P - Il punto, però, qual è: è vero, manca un indotto che ti possa connettere con gli altri creativi e con gli organizzatori, però molto dipende anche dai lucani stessi. Si tratta di saper “intercettare” o meno. Noi, a Tricarico, abbiamo portato, tra l’altro, “Il buon compleanno di Scotellaro” (in occasione del 95esimo); essendo presenti nel web team di Matera 2019, abbiamo saputo intercettare, accorgendoci che gli eventi non stavano andando granché bene. Così proponemmo a Palo Verri di portarli in provincia, e lui colse l’opportunità. Da quella riflessione, nacque anche il progetto “Capitale per un giorno”, che coinvolse, a turno, i comuni.

G - Tuttavia, il coinvolgimento esclusivo dei comuni, e non anche delle associazioni, fu un primo limite.

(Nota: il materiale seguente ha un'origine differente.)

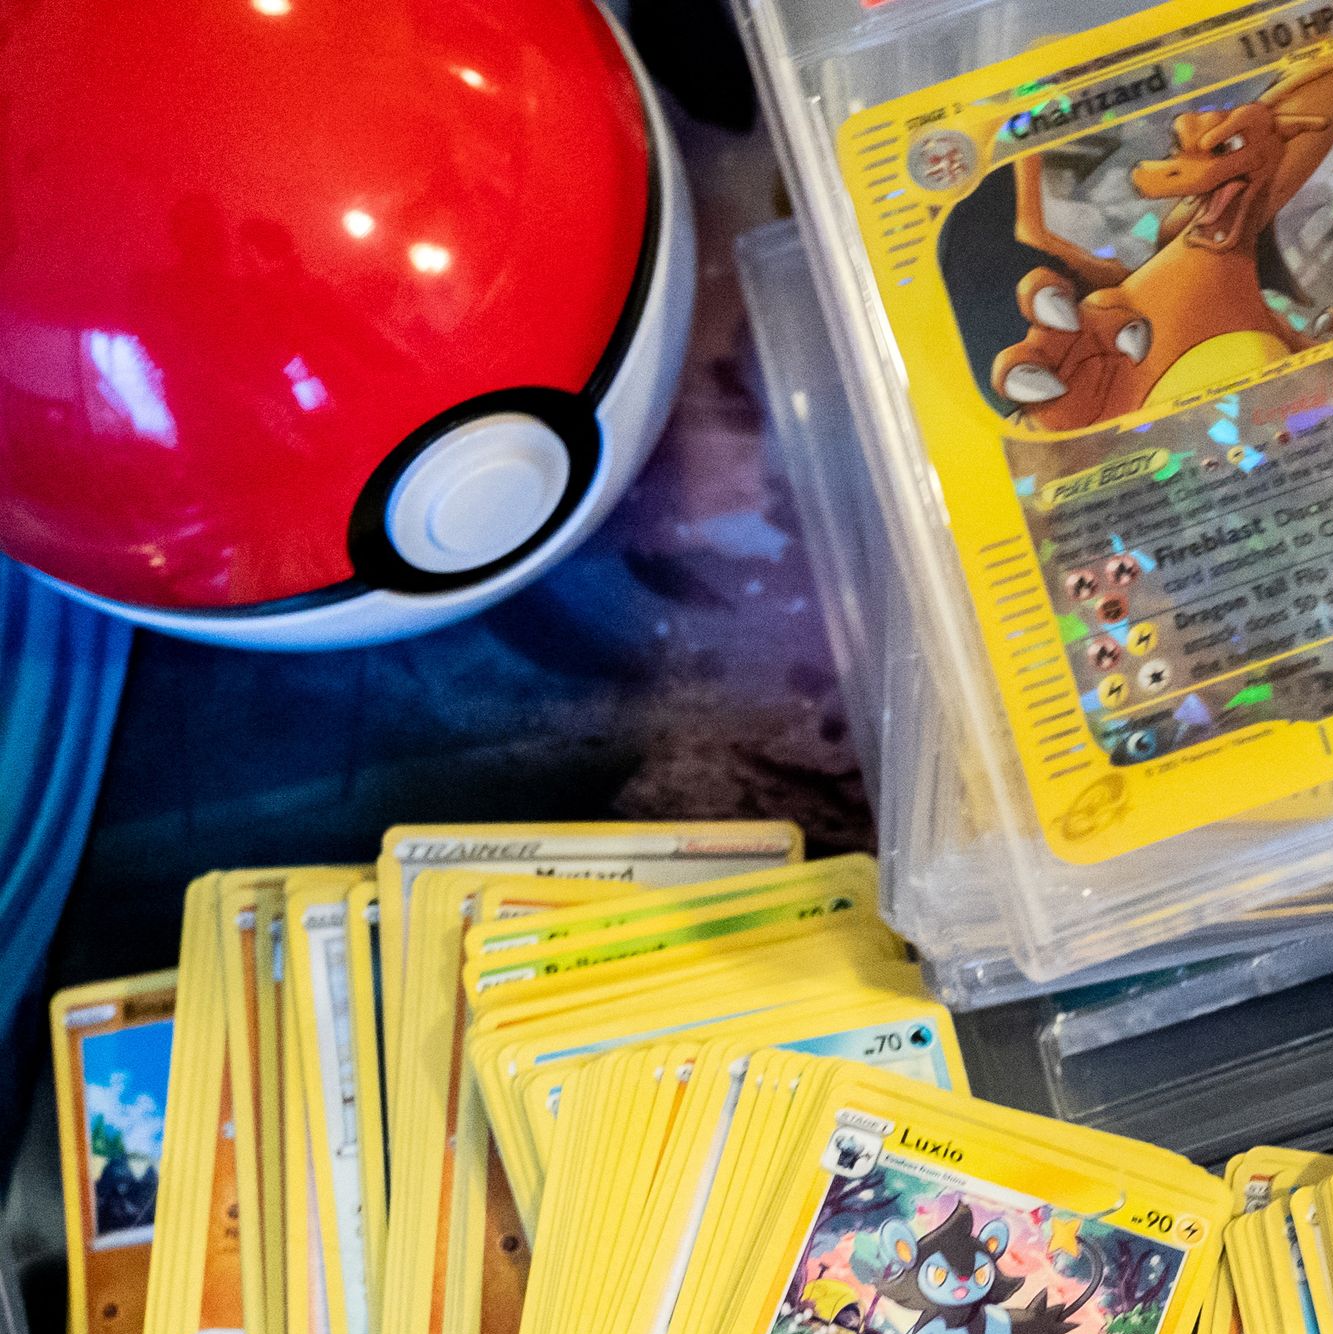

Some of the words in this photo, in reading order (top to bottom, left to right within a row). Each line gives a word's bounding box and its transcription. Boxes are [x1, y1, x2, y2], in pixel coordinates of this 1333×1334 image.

[1238, 23, 1294, 60] 110
[1007, 65, 1172, 140] Charizard
[406, 839, 543, 859] TRAINER
[874, 1033, 902, 1052] 70
[900, 1126, 964, 1163] Luxio
[1146, 1209, 1173, 1235] 90

Le amministrazioni, oberate come sono di urgenze quotidiane, anche spicciole, non hanno la lucidità per capire certe proposte. In quel contesto, cioè, non è facile capire quale messaggio un paese di 500 abitanti può lanciare all’Europa intera. Si poteva coinvolgere, insomma, tutto un mondo intellettuale, che in Basilicata certo non manca.

d - Proprio Tricarico, con Scotellaro, Infantino, Delle Nocche ...beh, è uno dei riconosciuti centri nevralgici di questo mondo di storia e cultura. Tutto ciò crea anche un po’ di responsabilità?

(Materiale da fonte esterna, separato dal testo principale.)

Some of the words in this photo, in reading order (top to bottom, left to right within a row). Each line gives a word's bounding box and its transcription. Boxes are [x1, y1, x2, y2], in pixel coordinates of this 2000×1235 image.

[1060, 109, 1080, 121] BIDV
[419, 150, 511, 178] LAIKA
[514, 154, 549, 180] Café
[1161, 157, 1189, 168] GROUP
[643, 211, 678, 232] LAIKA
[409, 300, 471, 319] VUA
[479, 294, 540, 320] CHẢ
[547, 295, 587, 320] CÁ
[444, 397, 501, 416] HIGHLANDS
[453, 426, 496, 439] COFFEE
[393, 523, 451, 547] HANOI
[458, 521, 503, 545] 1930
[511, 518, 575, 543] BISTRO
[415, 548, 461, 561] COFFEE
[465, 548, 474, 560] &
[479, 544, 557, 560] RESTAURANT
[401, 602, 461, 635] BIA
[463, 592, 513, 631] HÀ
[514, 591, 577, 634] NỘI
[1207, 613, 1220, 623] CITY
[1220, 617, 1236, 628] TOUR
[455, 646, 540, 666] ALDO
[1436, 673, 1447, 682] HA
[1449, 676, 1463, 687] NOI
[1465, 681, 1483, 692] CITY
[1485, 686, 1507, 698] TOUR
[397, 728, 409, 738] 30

G - Dovrebbe (sorride). Non sempre, però.

P - L’ambiente di Tricarico, come ben sa, è “pepato”, e a volte pratica l’auto-sabotaggio.

G - E’ lo “zero a zero”. Una cosa molto lucana, in realtà. Se tu fai goal, io devo provvedere ad annullartelo, piuttosto che segnare anch’io.

P - E’ una cosa che non fa crescere i creativi lucani. L’abbiamo visto con Matera 2019, la scena creativa e culturale si era riunita, ma c’è sempre voluta una spinta “esterna”. “Basilicata creativa” adesso è un altro cluster che comunque funziona, ma ci manca sempre un progetto per metterci insieme.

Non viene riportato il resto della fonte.